Bir başka nokta şu: Yani neden siyasi iktidar kamu yapılarını, kamu kurum ve kuruluşlarının yapılarını yapı denetim sisteminin dışında tutuyor? Yani burada, hani, gerekçenin ne olduğu konusunda bir açıklamaya ihtiyaç var çünkü gördük ki 2001 yılından sonra yapılmış olan kamu yapıları da ağır hasarla, yıkımla karşı karşıya kalıyor. O nedenle yani ben Bayındırlık Bakanlığını hiç iyi bir bakanlık olarak görmüyorum, nitelikli ve yetişmiş kadrosunun çok olmasına rağmen, siyasetin en fazla nüfuz ettiği ve siyasetin en fazla çıkarları doğrultusunda baskı yaptığı bir bakanlıktır. Hele, geçmişte yani ihaleyi alan bir siyasetçinin yakınının denetimini yapacak bakanlık personelinin ona ilişkin olur vermemesi durumunda, başına sürgünler başta olmak üzere, her türlü musibetin geleceğini bildiği bir noktadan geliyoruz. O nedenle, bugün bir anayasaysa kamu yapılarının da kamu kurumlarının da kamu iktisadi teşekküllerinin de belediyelerin de yapmış olduğu betonarme ya da çelik yapılarla ilgili olarak, yapı denetim sistemine dâhil edilmesinin şart olması gerekiyor.

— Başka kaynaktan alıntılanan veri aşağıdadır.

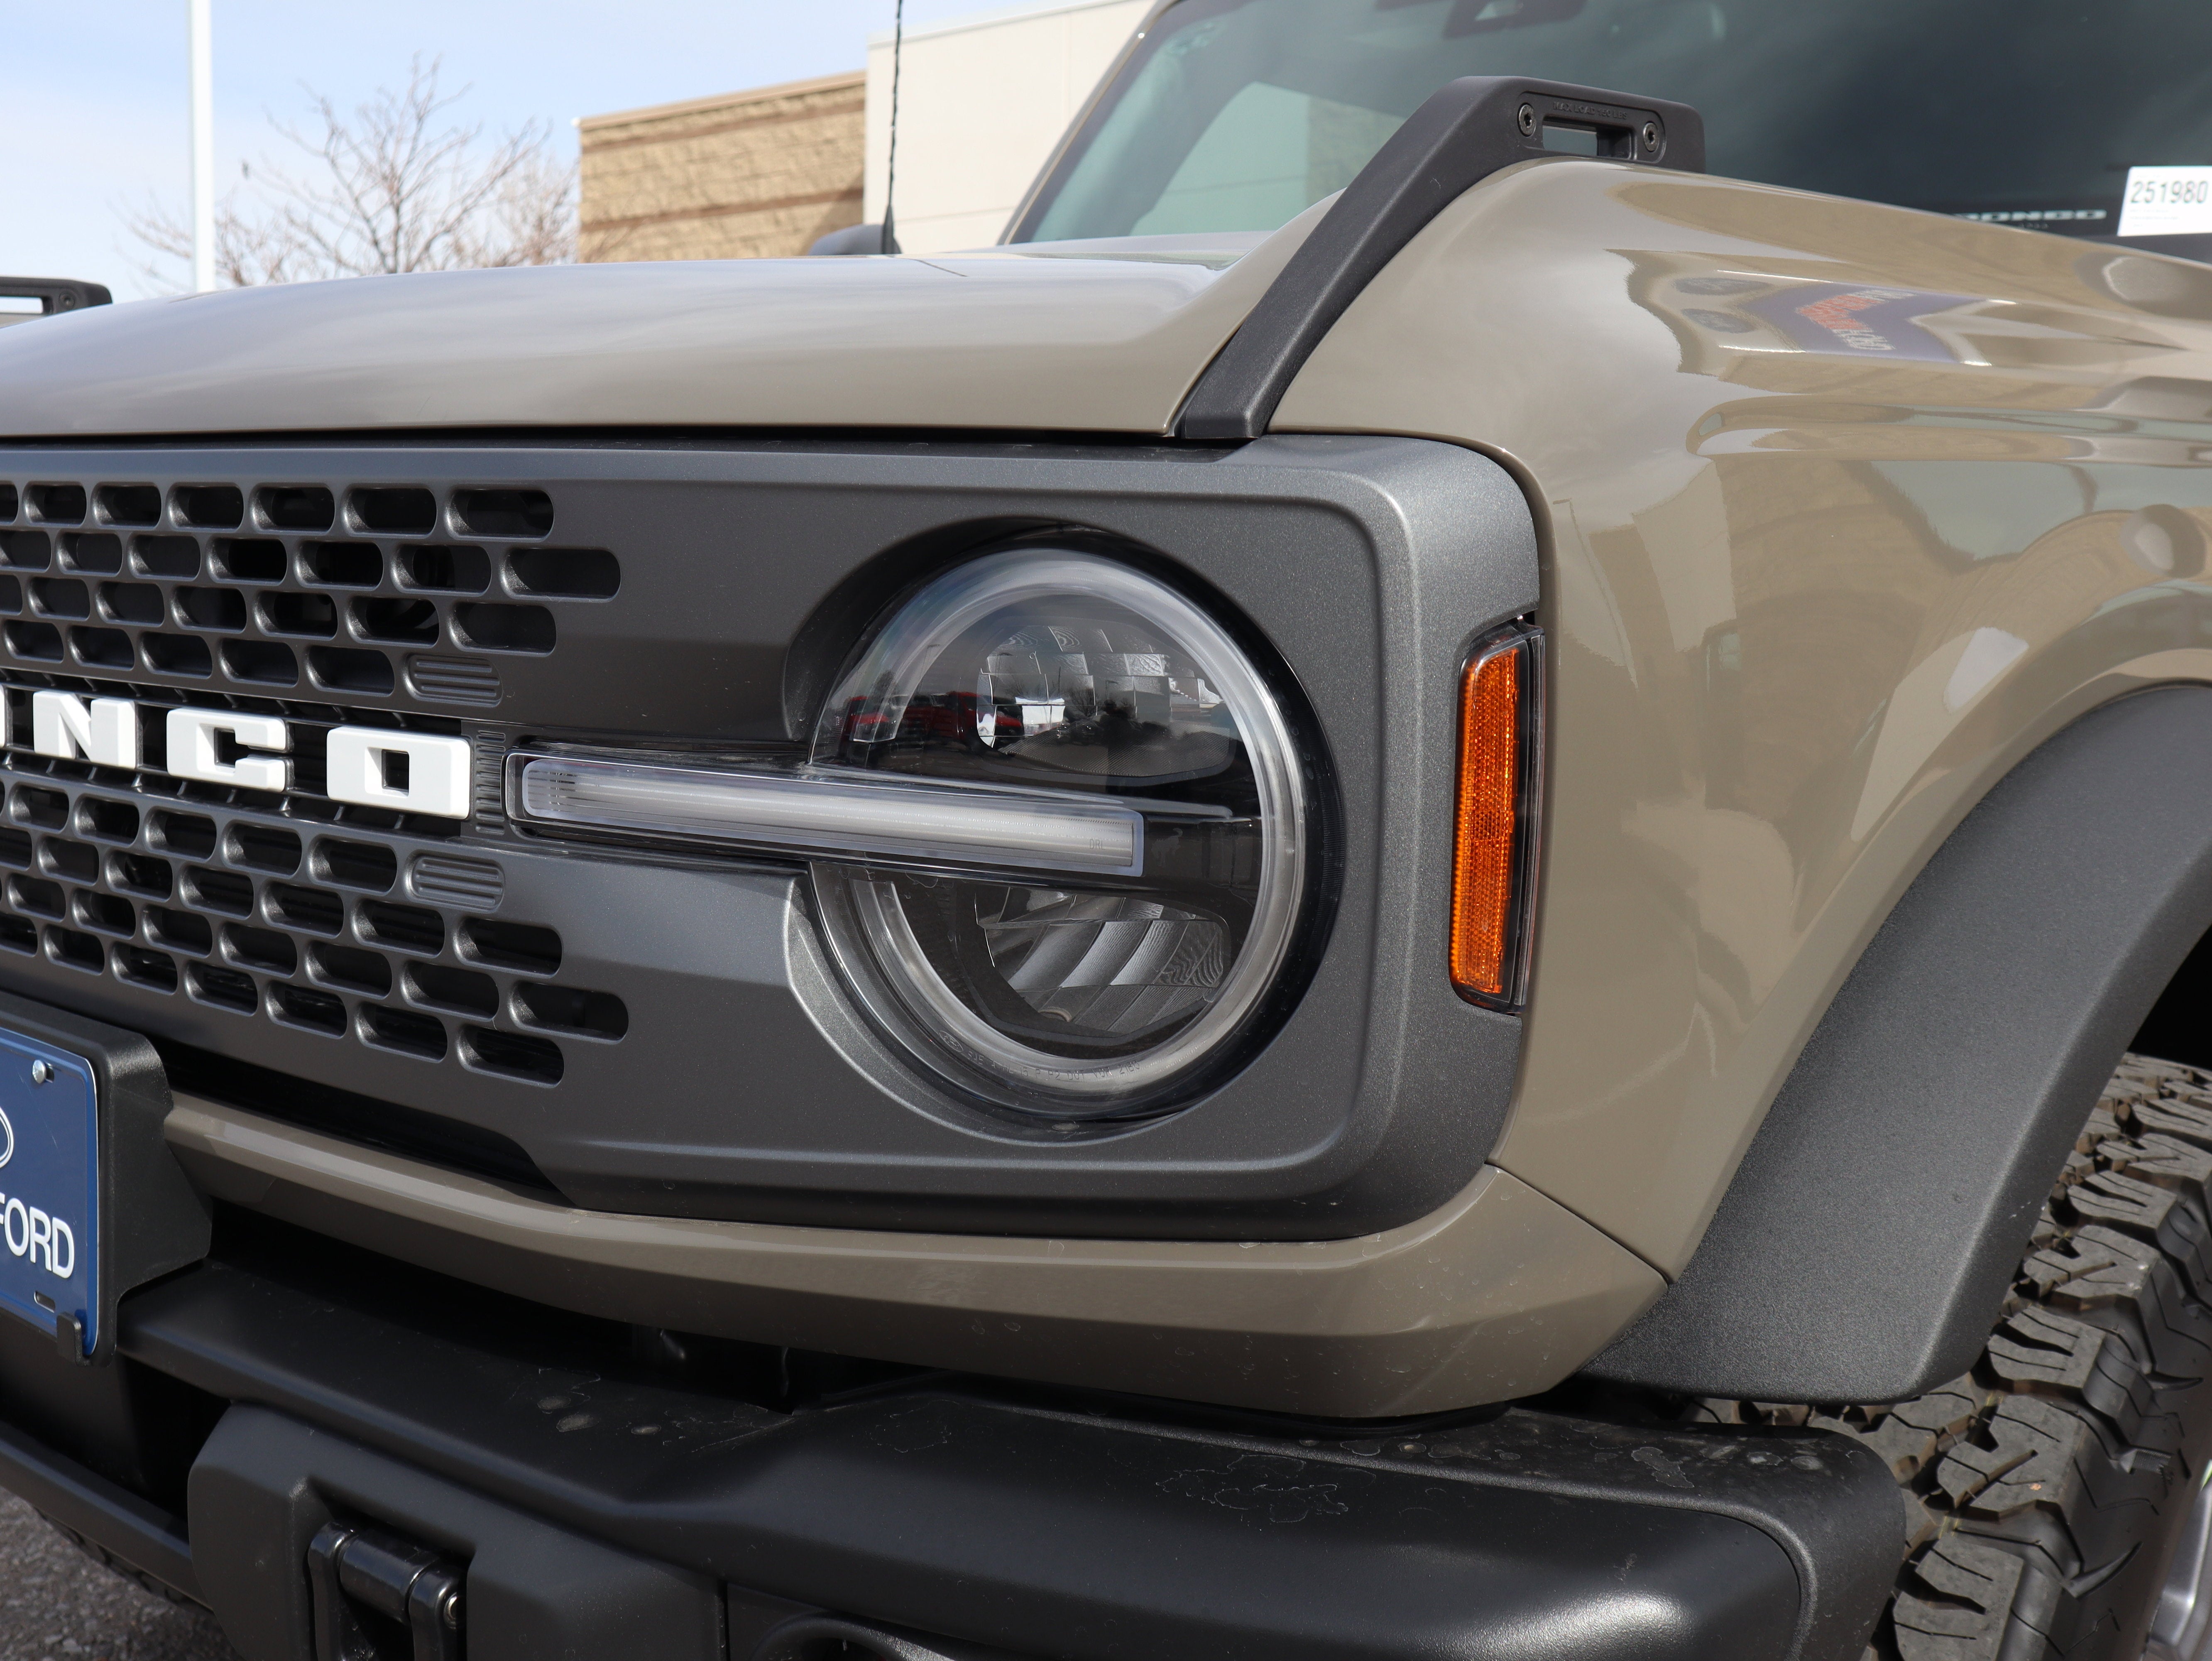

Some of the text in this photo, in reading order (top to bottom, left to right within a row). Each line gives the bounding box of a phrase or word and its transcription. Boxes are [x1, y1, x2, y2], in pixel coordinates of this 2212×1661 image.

Yine hazine, belediye, vakıf ve benzeri araziler üzerindeki kaçak yapılar, zaten sisteme dâhil edilmediği gibi, bütün bu yapılarla ilgili bir mühendislik hizmeti de mümkün değildir. Peki, ne yapacağız biz? Biraz uzun sürecek Başkanım. Bu raporumu önerme olarak sizlere dağıttım, bunu da kayıtlara geçmesi için okumam gerekiyor.

BAŞKAN VEYSEL EROĞLU - Şimdi, raporu verdiniz. Biliyorsunuz beş dakikayla sınırlıyoruz ama...

GÖKAN ZEYBEK (İstanbul) - Bugün başka konuşma yapmayacağım.

BAŞKAN VEYSEL EROĞLU - Size yedi dakika verelim.

GÖKAN ZEYBEK (İstanbul) - Afete hazırlık amaçlı mevzuat düzenleme önerilerimiz: Bu, İstanbul Büyükşehir Belediyesinin hem 2020 yılında hem de 6 Şubattan sonra, 2023 yılında yapmış olduğu...

BAŞKAN VEYSEL EROĞLU - Onun hepsini okuyacak mısınız? Rapor kayda geçse.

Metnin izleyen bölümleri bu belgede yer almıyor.